## Task item
Restate word for word, and only, the lines that extend from the line containing "this 1280×1080 image." through the end of the records below.

---- Data provided

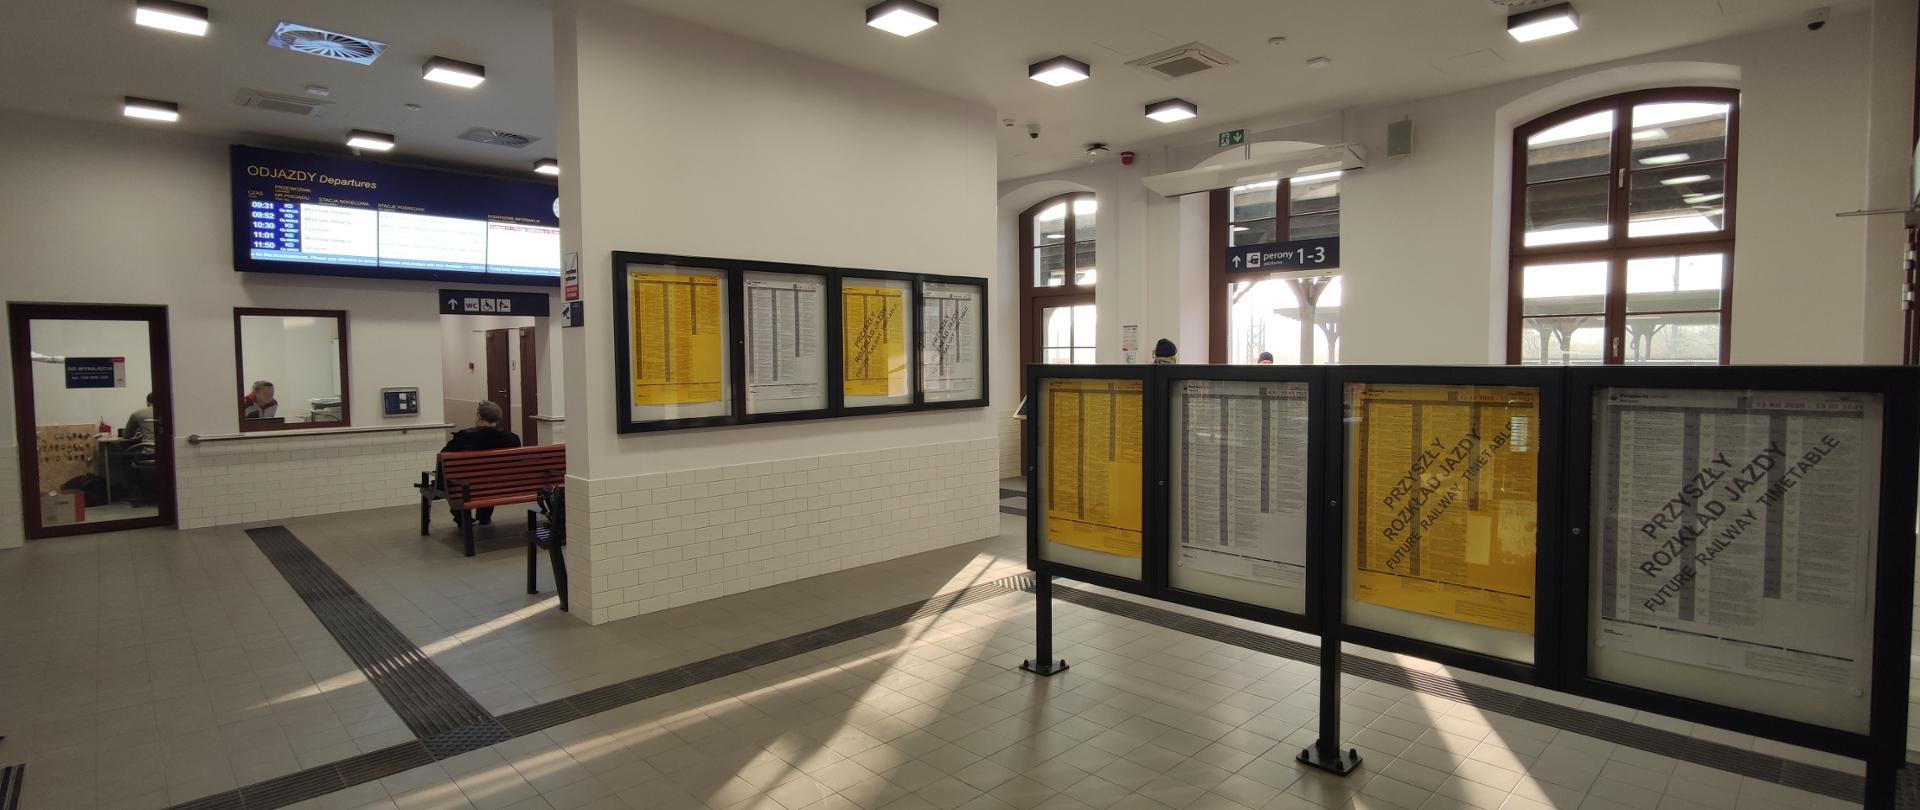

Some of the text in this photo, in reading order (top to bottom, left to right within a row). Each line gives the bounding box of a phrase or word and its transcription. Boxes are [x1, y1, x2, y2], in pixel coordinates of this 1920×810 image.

[248, 165, 377, 190] ODJAZDY Departures
[252, 201, 274, 209] 09:31
[252, 211, 275, 219] 09:52
[253, 221, 275, 229] 10:30
[253, 231, 275, 239] 11:01
[254, 241, 275, 249] 11:50
[1263, 246, 1326, 265] perony 1-3
[1383, 437, 1446, 510] PRZYSZŁY
[1383, 476, 1441, 541] ROZKŁAD
[1440, 427, 1481, 477] JAZDY
[1640, 452, 1733, 540] PRZYSZŁY
[1639, 500, 1726, 578] ROZKŁAD
[1724, 441, 1787, 502] JAZDY
[1386, 531, 1422, 570] FUTURE
[1420, 483, 1463, 530] RAILWAY
[1643, 565, 1697, 613] FUTURE
[1694, 508, 1758, 566] RAILWAY
[1756, 434, 1841, 507] TIMETABLE
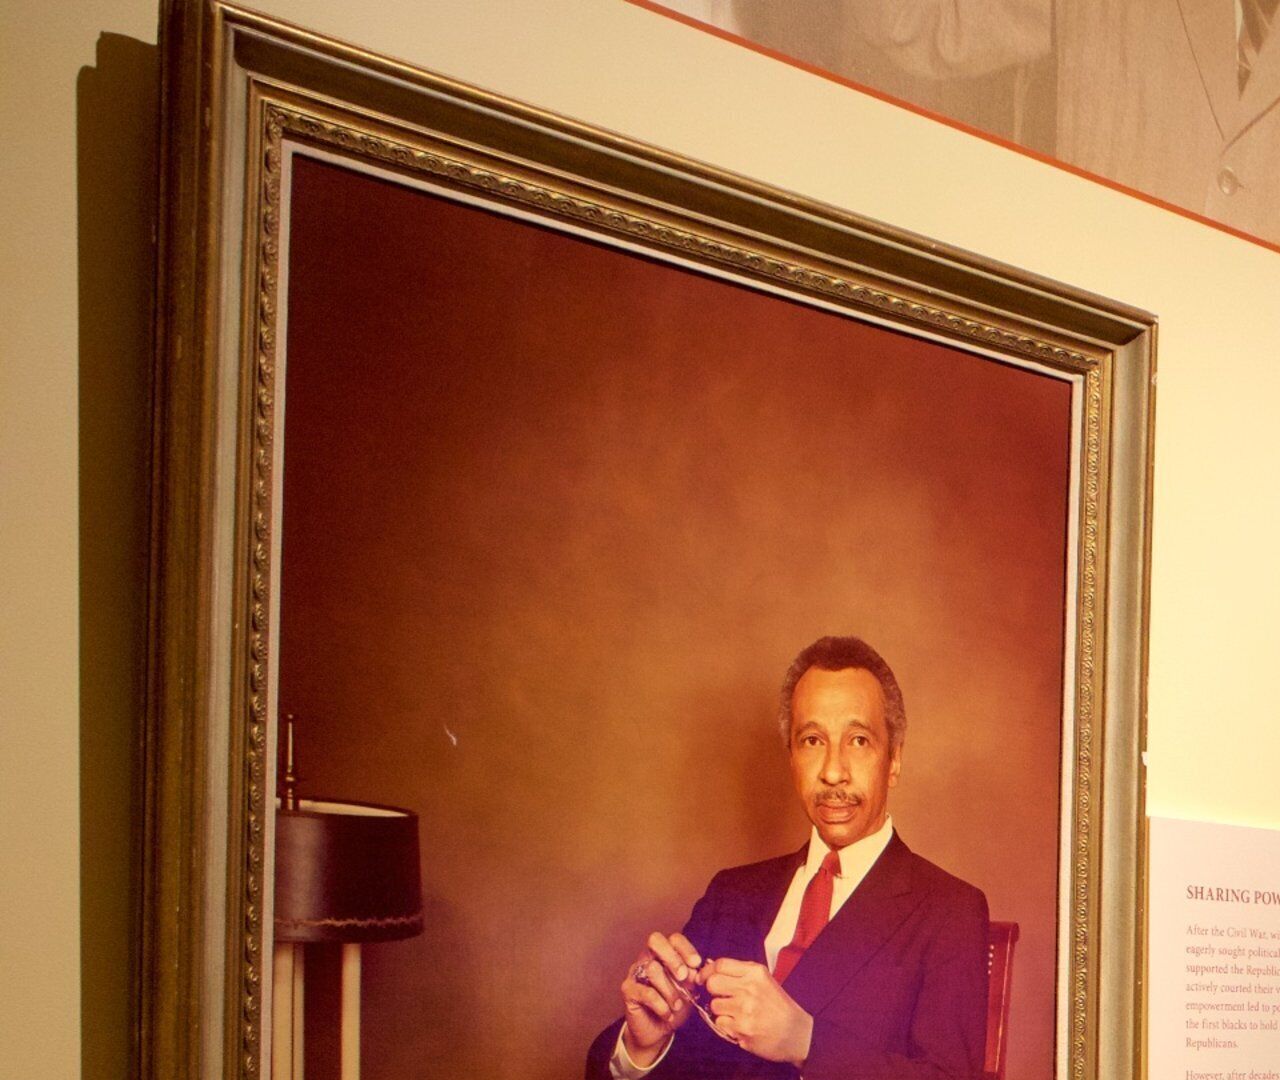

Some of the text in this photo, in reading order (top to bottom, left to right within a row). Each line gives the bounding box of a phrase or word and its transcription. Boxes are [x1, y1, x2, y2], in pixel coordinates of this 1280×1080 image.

[1186, 885, 1250, 903] SHARING
[1186, 924, 1208, 936] After
[1210, 925, 1224, 936] the
[1226, 927, 1246, 938] Civil
[1185, 943, 1215, 957] eagerly
[1218, 945, 1245, 959] sought
[1247, 946, 1280, 959] political
[1186, 964, 1228, 976] supported
[1230, 963, 1244, 974] the
[1226, 1069, 1246, 1080] after
[1248, 1069, 1279, 1080] decades

--------

## Completed task
Some of the text in this photo, in reading order (top to bottom, left to right within a row). Each line gives the bounding box of a phrase or word and its transcription. Boxes are [x1, y1, x2, y2], in pixel coordinates of this 1280×1080 image.

[1186, 885, 1250, 903] SHARING
[1186, 924, 1208, 936] After
[1210, 925, 1224, 936] the
[1226, 927, 1246, 938] Civil
[1185, 943, 1215, 957] eagerly
[1218, 945, 1245, 959] sought
[1247, 946, 1280, 959] political
[1186, 964, 1228, 976] supported
[1230, 963, 1244, 974] the
[1226, 1069, 1246, 1080] after
[1248, 1069, 1279, 1080] decades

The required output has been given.